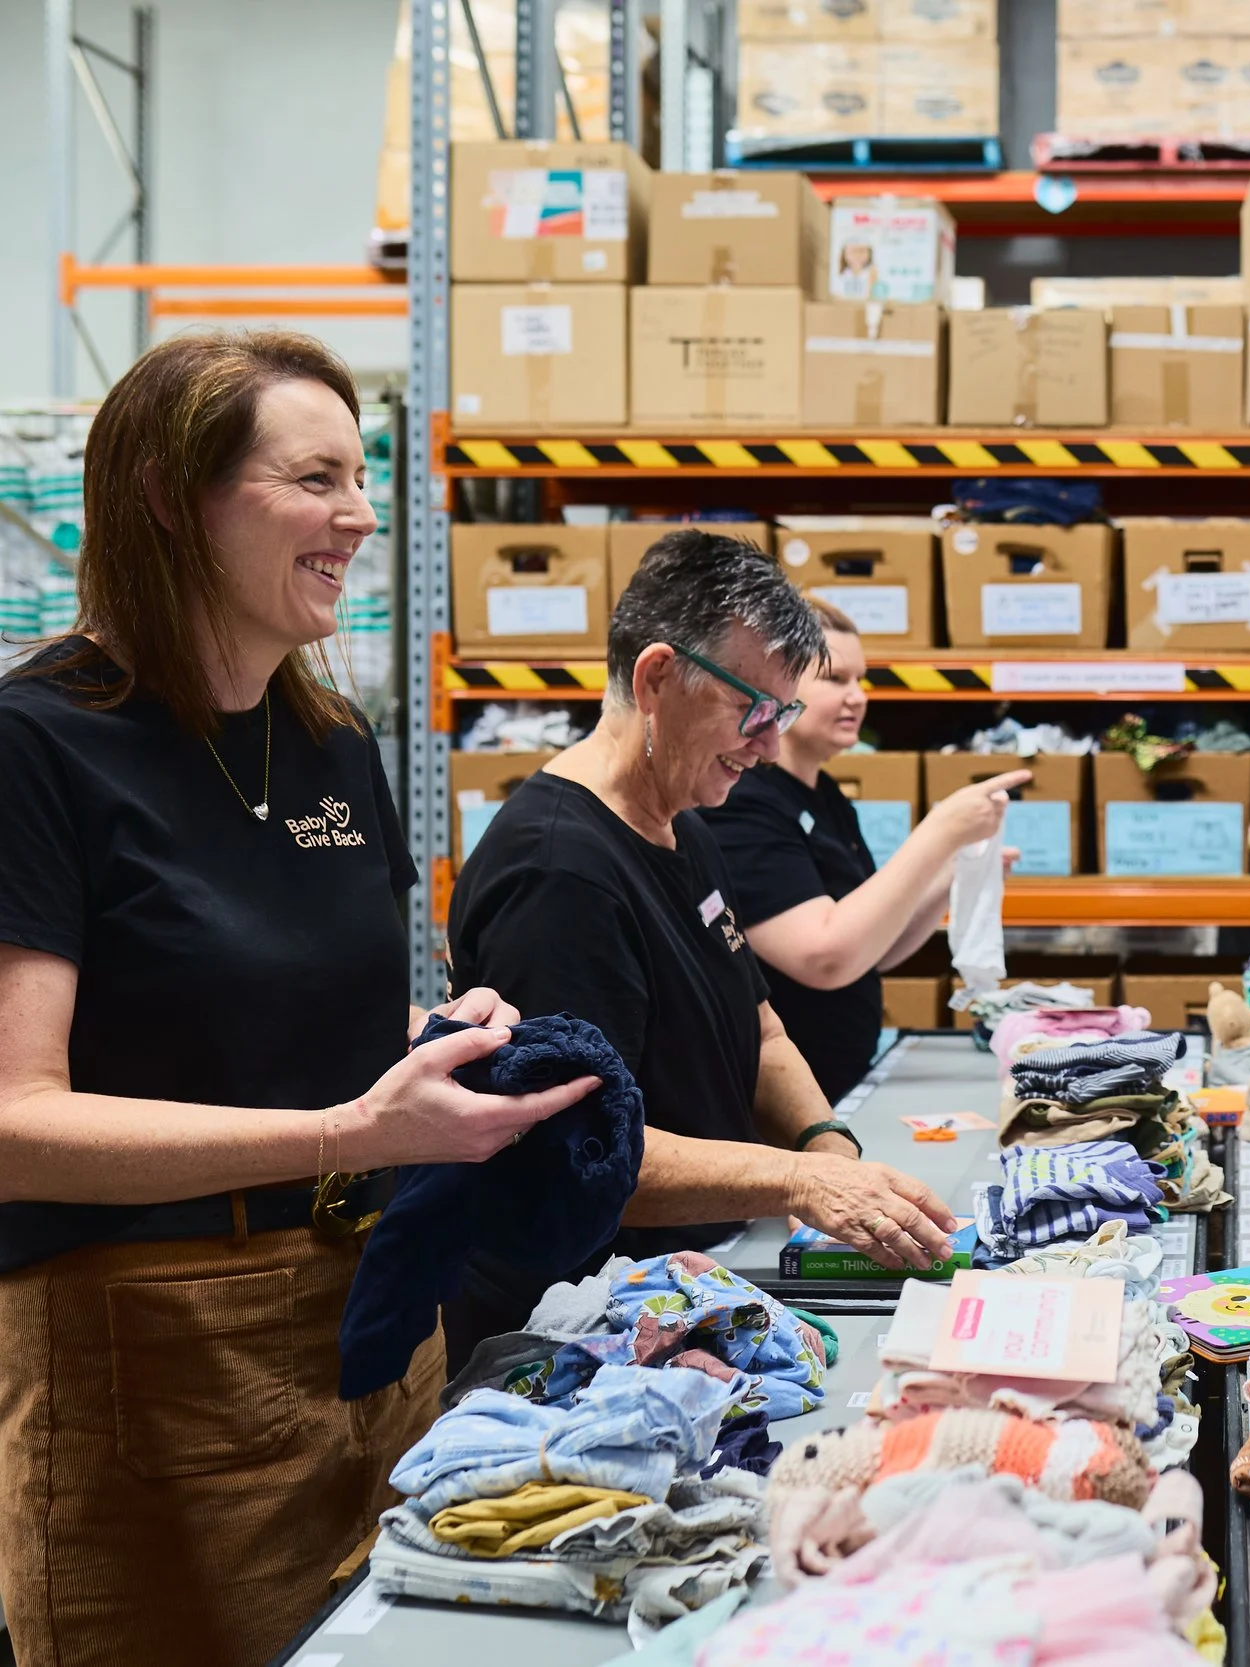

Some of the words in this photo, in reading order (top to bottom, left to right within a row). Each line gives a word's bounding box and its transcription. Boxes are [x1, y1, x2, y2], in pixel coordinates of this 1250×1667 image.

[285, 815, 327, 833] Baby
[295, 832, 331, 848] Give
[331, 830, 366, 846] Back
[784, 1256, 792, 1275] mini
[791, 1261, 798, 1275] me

- Problem description: Everything in the entries must be written out exactly; the pictures stay out.

- Task output:
Some of the words in this photo, in reading order (top to bottom, left to right within a row). Each line gives a word's bounding box and its transcription. Boxes are [x1, y1, x2, y2], in pixel coordinates of this 1250×1667 image.

[285, 815, 327, 833] Baby
[295, 832, 331, 848] Give
[331, 830, 366, 846] Back
[784, 1256, 792, 1275] mini
[791, 1261, 798, 1275] me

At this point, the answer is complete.